▶ _Assignment_: Repeat all of the data word for word so that only the pictures are missing from the copy.

Phrase grounding data
((

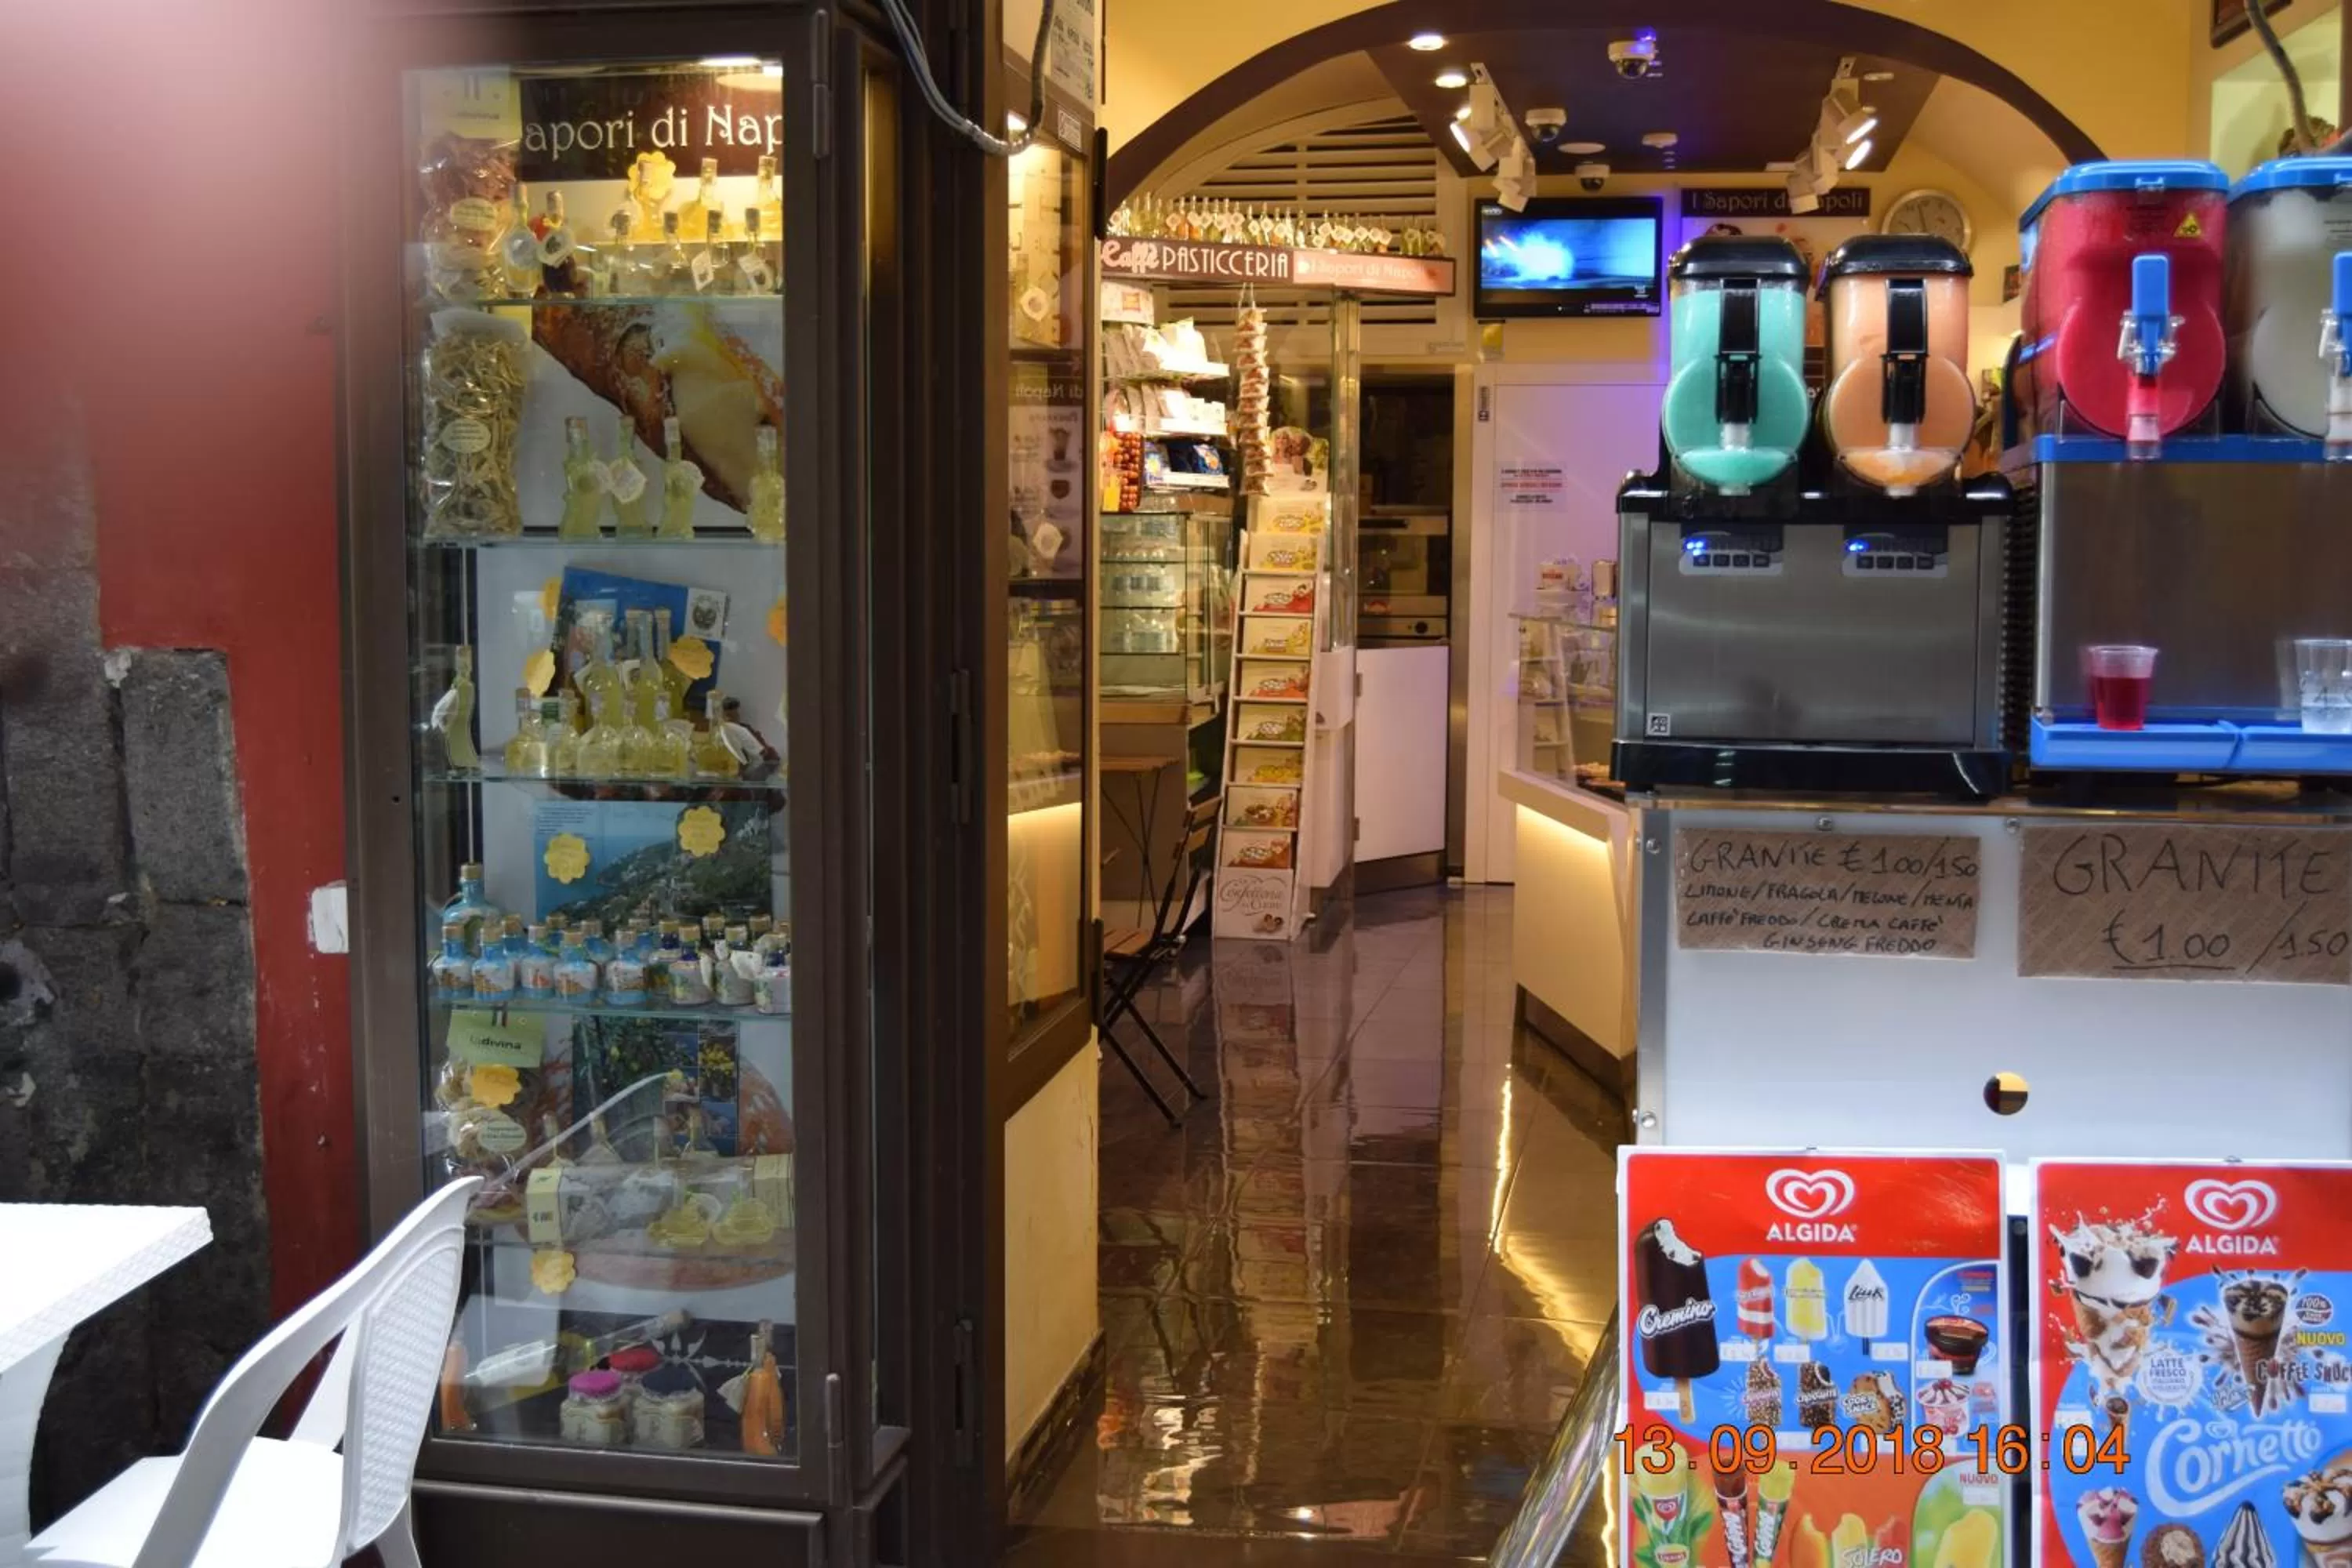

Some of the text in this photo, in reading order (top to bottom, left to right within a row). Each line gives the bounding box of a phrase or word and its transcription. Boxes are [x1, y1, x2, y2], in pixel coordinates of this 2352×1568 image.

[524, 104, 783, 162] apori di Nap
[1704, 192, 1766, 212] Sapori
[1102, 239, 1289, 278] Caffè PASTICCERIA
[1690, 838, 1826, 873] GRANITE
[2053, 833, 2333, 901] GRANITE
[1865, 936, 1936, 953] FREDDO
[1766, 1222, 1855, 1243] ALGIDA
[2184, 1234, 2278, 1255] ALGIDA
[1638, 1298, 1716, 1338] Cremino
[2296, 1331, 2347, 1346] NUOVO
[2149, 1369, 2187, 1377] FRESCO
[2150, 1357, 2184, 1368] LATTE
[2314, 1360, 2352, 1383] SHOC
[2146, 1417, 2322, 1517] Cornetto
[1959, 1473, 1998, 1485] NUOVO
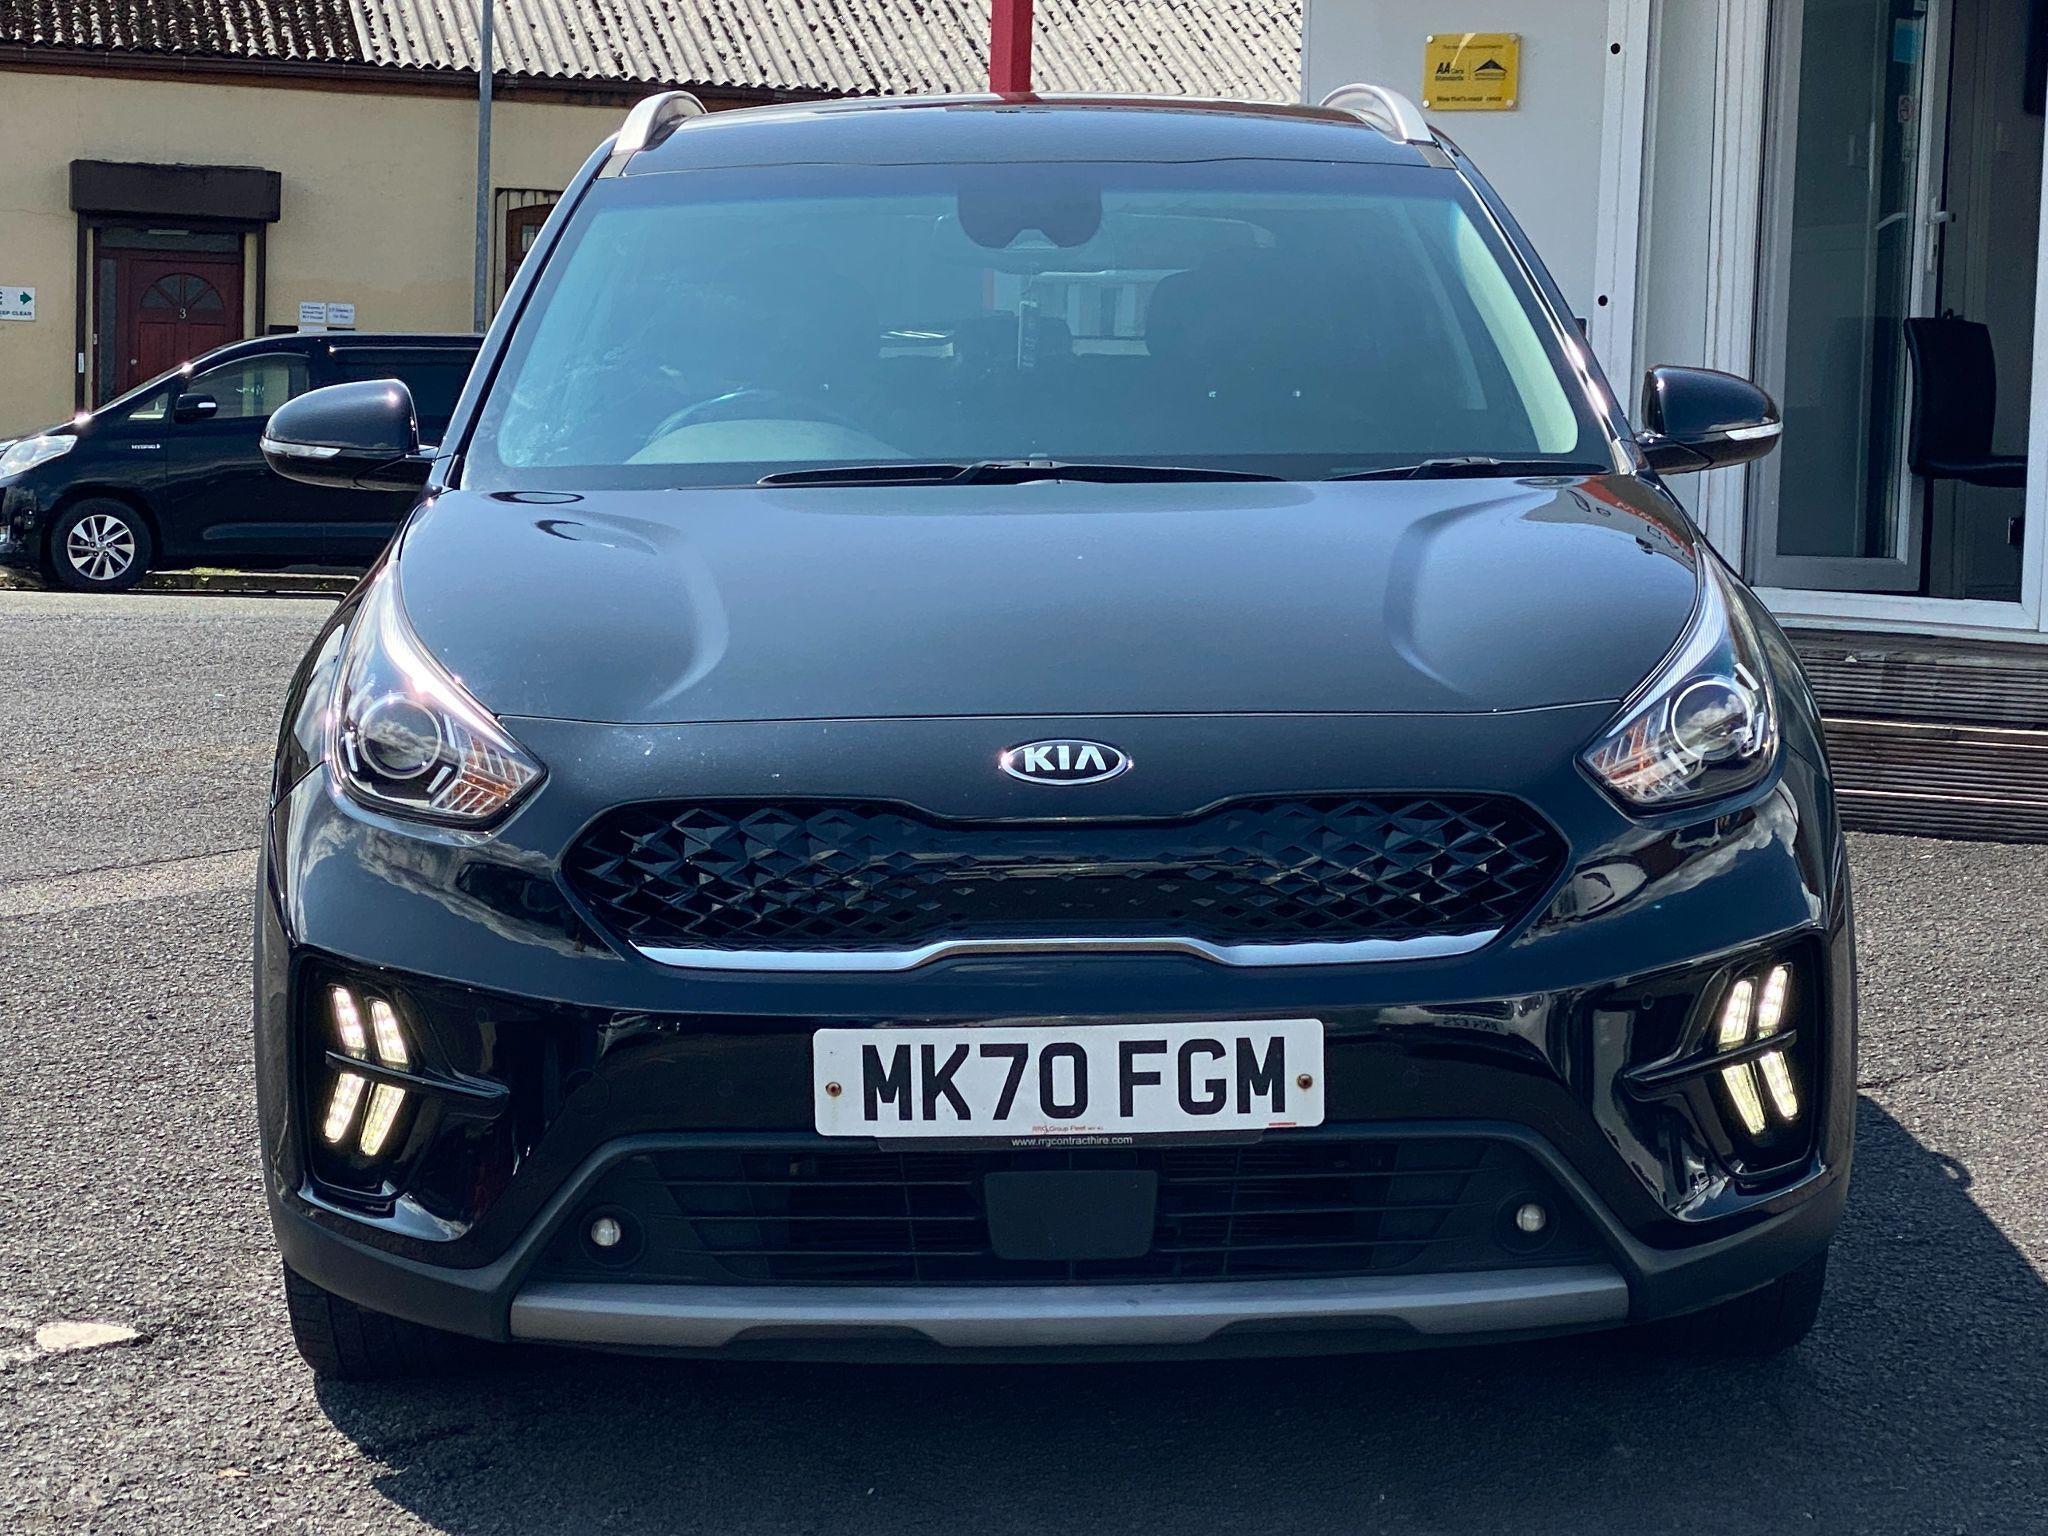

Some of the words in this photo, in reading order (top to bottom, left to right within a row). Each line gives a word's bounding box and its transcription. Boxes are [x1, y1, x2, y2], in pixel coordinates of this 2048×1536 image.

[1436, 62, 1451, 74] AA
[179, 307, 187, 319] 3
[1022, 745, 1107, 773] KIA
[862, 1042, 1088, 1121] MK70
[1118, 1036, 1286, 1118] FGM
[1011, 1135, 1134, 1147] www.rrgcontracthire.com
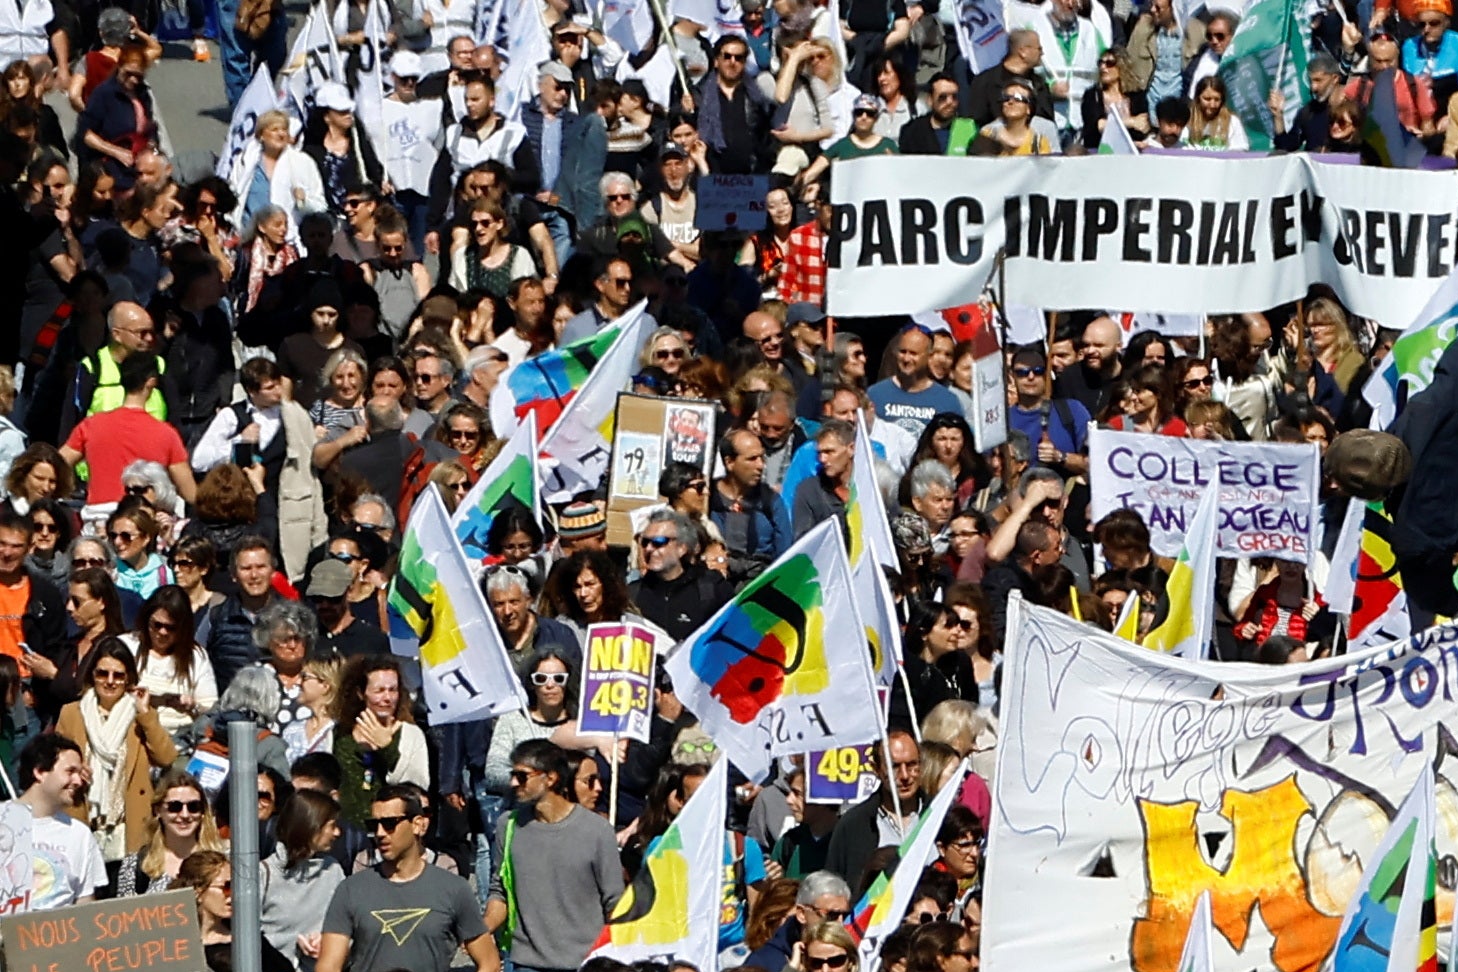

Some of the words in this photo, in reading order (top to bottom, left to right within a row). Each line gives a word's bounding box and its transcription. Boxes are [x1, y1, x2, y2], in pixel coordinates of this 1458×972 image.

))

▶ _Solution below_:
Some of the text in this photo, in reading order (top to bottom, left to right within a row). Each line gives the bounding box of a phrase or word and its transcription. Boxes are [x1, y1, x2, y2], in pixel coordinates of this 2352×1568 image.

[524, 104, 783, 162] apori di Nap
[1704, 192, 1766, 212] Sapori
[1102, 239, 1289, 278] Caffè PASTICCERIA
[1690, 838, 1826, 873] GRANITE
[2053, 833, 2333, 901] GRANITE
[1865, 936, 1936, 953] FREDDO
[1766, 1222, 1855, 1243] ALGIDA
[2184, 1234, 2278, 1255] ALGIDA
[1638, 1298, 1716, 1338] Cremino
[2296, 1331, 2347, 1346] NUOVO
[2149, 1369, 2187, 1377] FRESCO
[2150, 1357, 2184, 1368] LATTE
[2314, 1360, 2352, 1383] SHOC
[2146, 1417, 2322, 1517] Cornetto
[1959, 1473, 1998, 1485] NUOVO

Some of the words in this photo, in reading order (top to bottom, left to right within a row). Each line gives a word's bounding box and its transcription. Boxes are [x1, y1, x2, y2], in pixel coordinates of this 2048×1536 image.

[1436, 62, 1451, 74] AA
[179, 307, 187, 319] 3
[1022, 745, 1107, 773] KIA
[862, 1042, 1088, 1121] MK70
[1118, 1036, 1286, 1118] FGM
[1011, 1135, 1134, 1147] www.rrgcontracthire.com

Some of the words in this photo, in reading order (top to bottom, left to right within a row). Each line gives a word's bounding box and its transcription. Boxes are [x1, y1, x2, y2], in pixel coordinates of this 1458×972 image.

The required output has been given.